*Task details*: I'd like the entries that follow repeated exactly, with the pictures left out.
- - - -
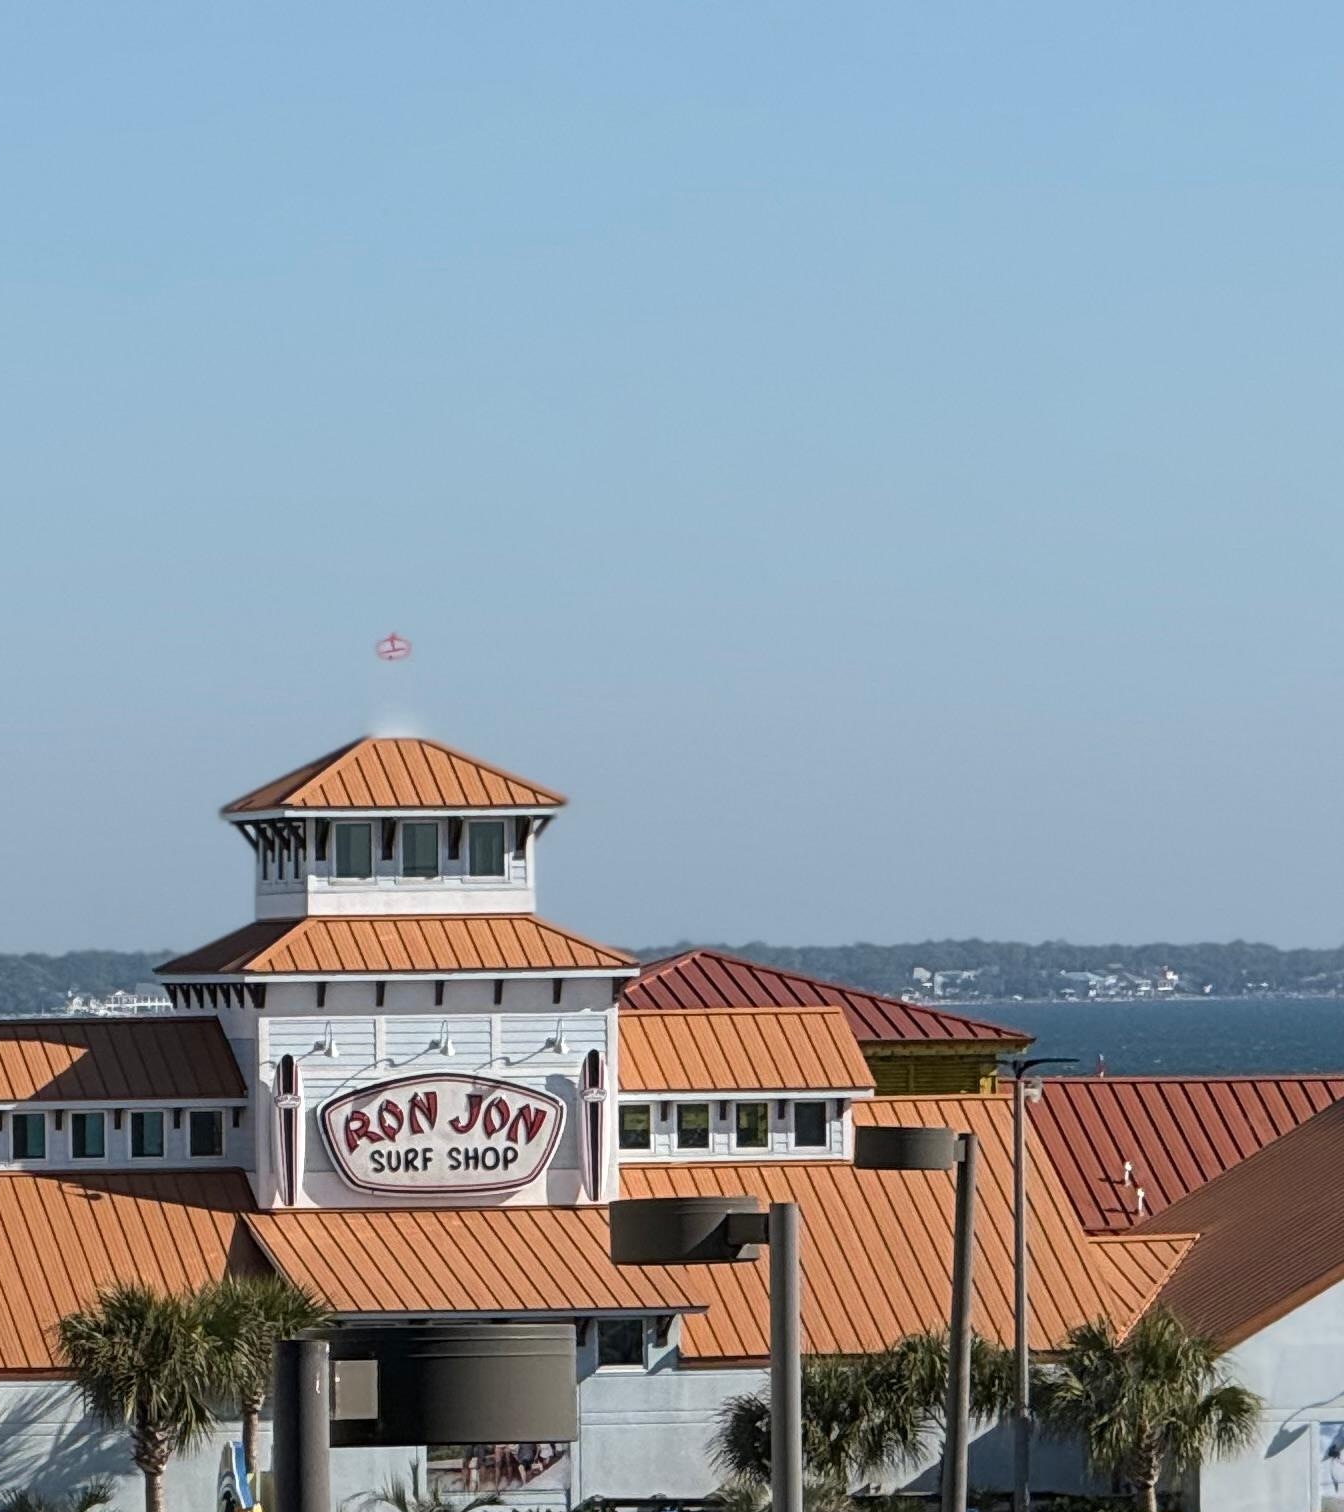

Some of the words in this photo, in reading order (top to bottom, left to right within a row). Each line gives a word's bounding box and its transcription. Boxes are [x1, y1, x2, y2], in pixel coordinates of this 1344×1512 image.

[345, 1091, 439, 1153] RON
[449, 1093, 547, 1145] JON
[370, 1148, 434, 1173] SURF
[447, 1146, 519, 1171] SHOP
- - - -
*Result*:
Some of the words in this photo, in reading order (top to bottom, left to right within a row). Each line gives a word's bounding box and its transcription. Boxes are [x1, y1, x2, y2], in pixel coordinates of this 1344×1512 image.

[345, 1091, 439, 1153] RON
[449, 1093, 547, 1145] JON
[370, 1148, 434, 1173] SURF
[447, 1146, 519, 1171] SHOP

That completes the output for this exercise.